Though the petition focused specifically on the ‘woman’ entry, Oxford’s review did not stop there. Revisions have also been made to other entries which were thought to pose similar problems. Many news reports mentioned two of these: ‘housework’, where the example ‘she still does all the housework’ has been replaced by ‘I was busy doing housework when the doorbell rang’, and ‘high-maintenance’, where the sentence ‘if Martin could keep a high-maintenance girl like Tania happy, he must be doing something right’ has been replaced by ‘I freely admit to being high-maintenance’.   

These substitutions, while unobjectionable, show the limitations of an approach which tackles stereotyping by simply replacing sex-specific examples with gender-neutral/inclusive ones. When you read ‘I freely admit to being high-maintenance’, who do you imagine as the ‘I’? In many cases we would tend to imagine a gender-unspecified person as male by default, but in this case I’m betting that most readers will picture a woman. Part of what English-speakers know about the expression ‘high-maintenance’ is that when it’s used to describe a person, that person is likely to be female (I did a quick corpus search to check, and found that references to ‘high-maintenance’ women were over three times more frequent than similar references to men). If you want to block that association, you probably need to pick an explicitly male-referring example. A gender-neutral one avoids overt stereotyping, but it doesn’t prevent the covert stereotyping that results from readers interpreting ‘I’ in relation to their pre-existing cultural and linguistic knowledge.

But in any case there’s a question about whether a descriptive dictionary, one whose aim is to document, as OUP’s press statement put it, ‘how real people use English in their daily lives’, should be trying to block associations which are part of our knowledge about words. It’s one thing if the sexism is gratuitous—if a sexist example has been selected for no good reason (as appears to have been the case with Oxford’s use of ‘a rabid feminist’ to illustrate ‘rabid’, which was criticised on social media a few years ago); but if there’s evidence that ‘high-maintenance’ really is used more frequently about women, should that not be reflected in the entry for it? Should dictionaries be trying to present us with a less biased world than the one we currently inhabit—or is their real obligation to reflect the world as it is, and as it shapes our use of words?

For the makers of dictionaries this is a perennial, and genuinely difficult, question. They may say that their decisions are ‘driven solely by evidence about how real people use English in their daily lives’, but ‘solely’ is an overstatement: they also have to consider what real people want from, and find acceptable in, their products. Sensitivities change over time—in the past many controversies turned on matters of taste and decency, whereas today there is more concern about diversity and bias—but what doesn’t change is the existence of competing pressures, and the difficulty of finding a balance between them.  

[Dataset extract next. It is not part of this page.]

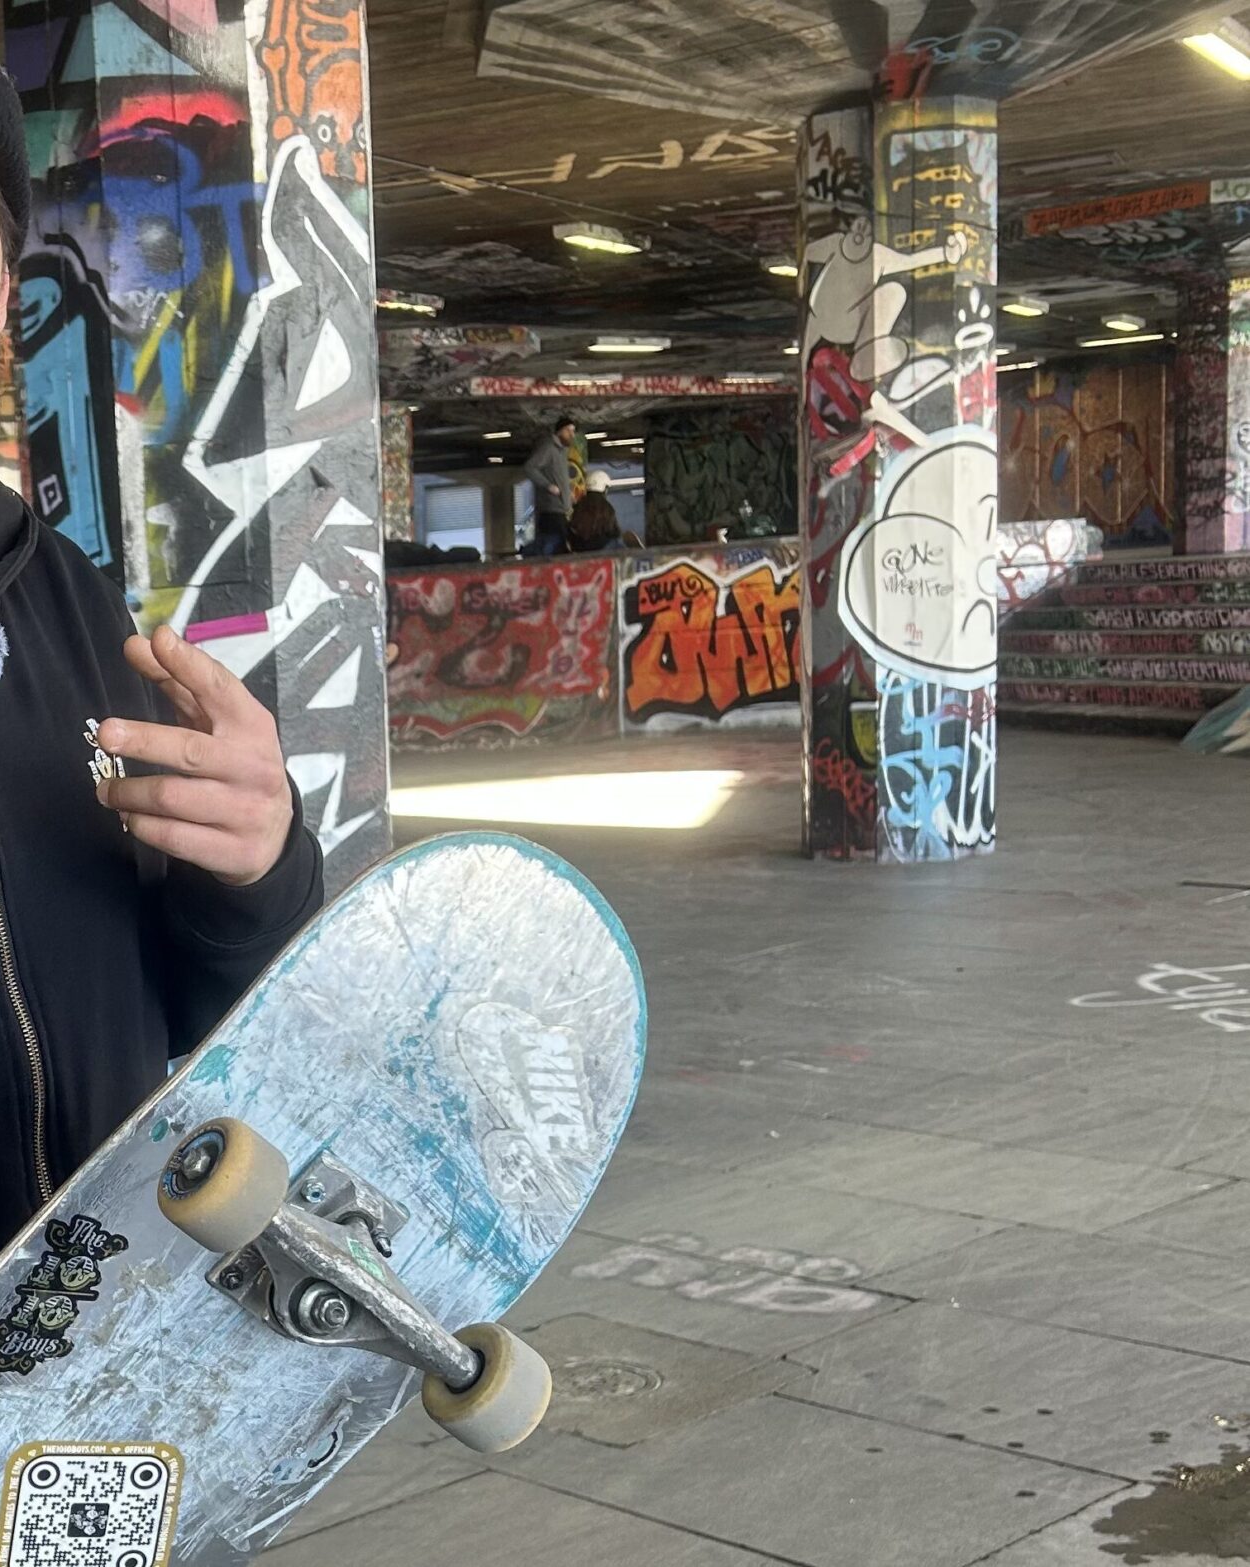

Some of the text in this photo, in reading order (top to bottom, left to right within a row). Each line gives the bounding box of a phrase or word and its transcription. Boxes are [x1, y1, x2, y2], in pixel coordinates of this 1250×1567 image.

Has Oxford found the right balance? Maria Beatrice Giovanardi told reporters that while she is mostly happy with the revisions, she’s disappointed by the retention of ‘bitch’, and will continue to press for its removal. I think she’s got a point: while I don’t believe offensive epithets should be airbrushed out of dictionaries, I do struggle with the logic of putting ‘bitch’ on a list of synonyms for ‘woman’.

To see what I’m getting at, let’s take a look at the list of synonyms in the ‘man’ entry:

male, gentleman, guy, fellow, gent, mother’s son, bloke, chap, geezer, lad, Joe, dude, bro, hombre, digger, oke, ou, oom, bodach, cove, carl.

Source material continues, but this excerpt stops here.